It’s a very strange feeling: here I am behind the wheel of a 2021 Jeep Wrangler Rubicon SUV, and I just chirped the tires and blasted to 60 mph in less than five seconds. It is unnatural. And I love it.
- Power, power, power
- Drive on and above anything
- Guaranteed to arouse joy
I do not like
- Horrible management
- Poor fuel economy
- Quite expensive
It’s been 40 years since the 1981 Jeep CJ had a 5.0-liter V8 under the hood, producing only 125 horsepower. Times have certainly changed – the 2021 Wrangler Rubicon 392 uses a 6.4-liter Hemi V8 with 470 horsepower and 470 pound-feet of torque. It makes heart pounding, head tossing, seat belt locking, and insane laugh-inducing fun. But there are still some problems with this otherwise electrifying package.

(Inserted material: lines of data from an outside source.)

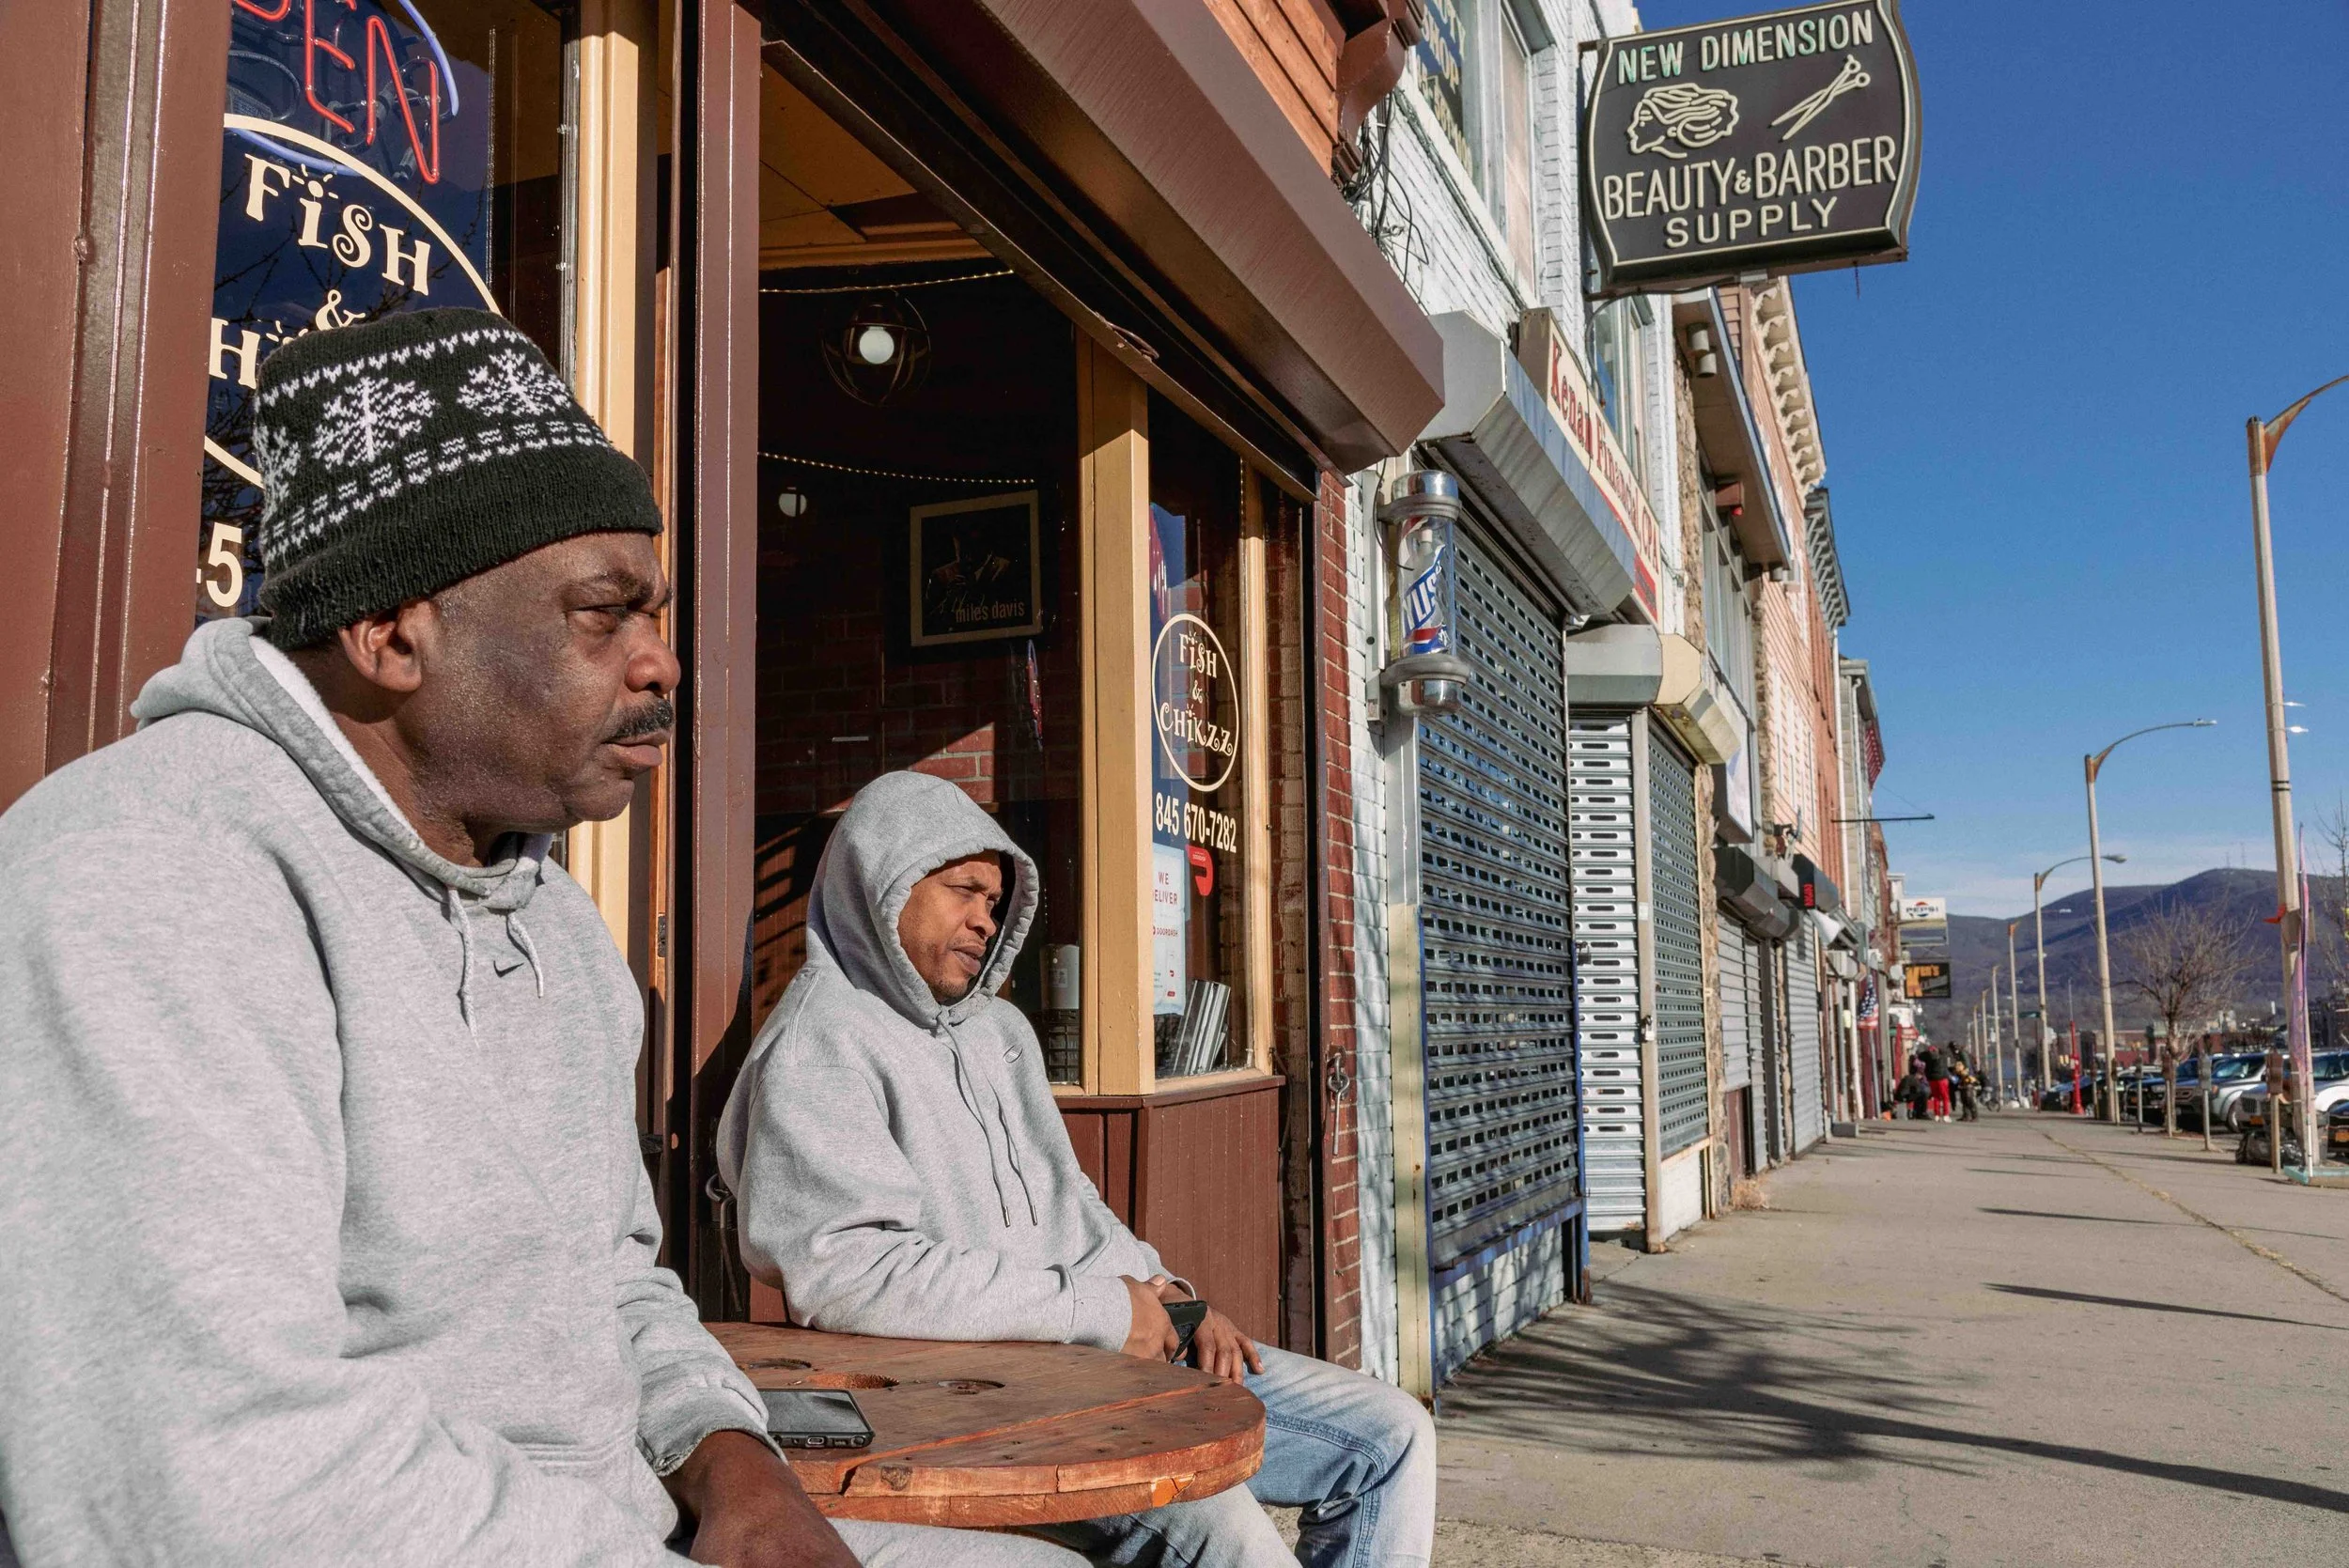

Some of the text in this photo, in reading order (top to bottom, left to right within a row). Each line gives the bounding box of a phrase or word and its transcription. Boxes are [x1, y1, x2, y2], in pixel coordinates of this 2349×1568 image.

[1618, 9, 1873, 85] NEW DIMENSION
[1603, 135, 1897, 221] BEAUTY & BARBER
[1665, 195, 1838, 249] SUPPLY
[317, 289, 366, 330] &
[1550, 334, 1594, 460] Kenan
[956, 599, 1025, 623] miles davis
[1192, 679, 1204, 704] &
[1155, 792, 1237, 854] 845 670-7282
[1153, 889, 1178, 905] ELIVER
[1158, 871, 1170, 885] WE

When I start the 392, the default is the high volume “Wake-the-neighbors” setting, so I know right away what that means business. In town, the V8 mumbles and rumbles, the eight-speed automatic gearbox working silently in the background. When I reach a long straight on a side road, I switch to the gear lever (in a jeep!) And floor it. The nose goes up, my head snaps back, and the full-time four-wheel drive system reduces power to the 33-inch BF Goodrich KO2 tires. After about 4.5 seconds, I’m at 60 mph. Goodness.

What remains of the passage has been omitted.